EXERCISE BRIEF — Write out the data word for word and omit every picture.

RECORD SET —

-=-=-

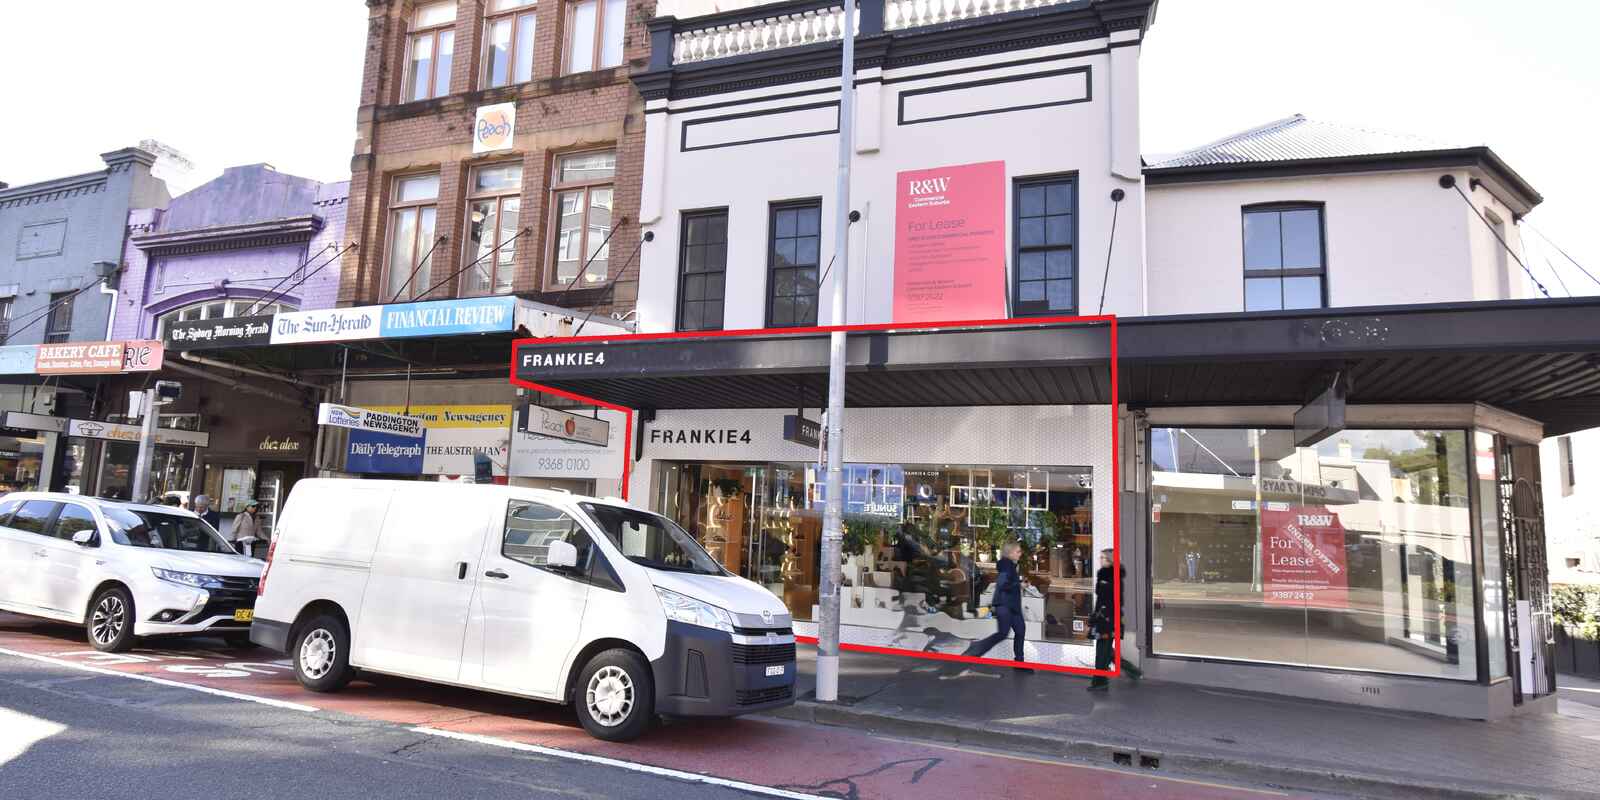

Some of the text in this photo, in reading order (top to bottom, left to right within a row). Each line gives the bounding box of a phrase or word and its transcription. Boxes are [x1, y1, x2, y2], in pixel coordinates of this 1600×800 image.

[909, 176, 952, 196] R&W
[930, 218, 966, 231] Lease
[386, 304, 506, 329] FINANCIAL REVIEW
[172, 322, 269, 341] The Sydney Morning Herald
[277, 314, 372, 335] The Sun-Herald
[40, 344, 121, 359] BAKERY CAFE
[522, 351, 606, 368] FRANKIE4
[328, 414, 361, 427] Lotteries
[366, 412, 419, 428] PADDINGTON
[443, 411, 506, 425] Newsagency
[363, 419, 420, 435] NEWSAGENCY
[650, 429, 752, 444] FRANKIE4
[351, 443, 421, 458] Daily Telegraph
[426, 446, 444, 455] THE
[538, 457, 591, 471] 9368 0100
[1297, 514, 1334, 526] R&W
[1270, 536, 1294, 549] For
[1271, 553, 1314, 567] Lease

-=-=-

OUTPUT OF THE EXERCISE —
Some of the text in this photo, in reading order (top to bottom, left to right within a row). Each line gives the bounding box of a phrase or word and its transcription. Boxes are [x1, y1, x2, y2], in pixel coordinates of this 1600×800 image.

[909, 176, 952, 196] R&W
[930, 218, 966, 231] Lease
[386, 304, 506, 329] FINANCIAL REVIEW
[172, 322, 269, 341] The Sydney Morning Herald
[277, 314, 372, 335] The Sun-Herald
[40, 344, 121, 359] BAKERY CAFE
[522, 351, 606, 368] FRANKIE4
[328, 414, 361, 427] Lotteries
[366, 412, 419, 428] PADDINGTON
[443, 411, 506, 425] Newsagency
[363, 419, 420, 435] NEWSAGENCY
[650, 429, 752, 444] FRANKIE4
[351, 443, 421, 458] Daily Telegraph
[426, 446, 444, 455] THE
[538, 457, 591, 471] 9368 0100
[1297, 514, 1334, 526] R&W
[1270, 536, 1294, 549] For
[1271, 553, 1314, 567] Lease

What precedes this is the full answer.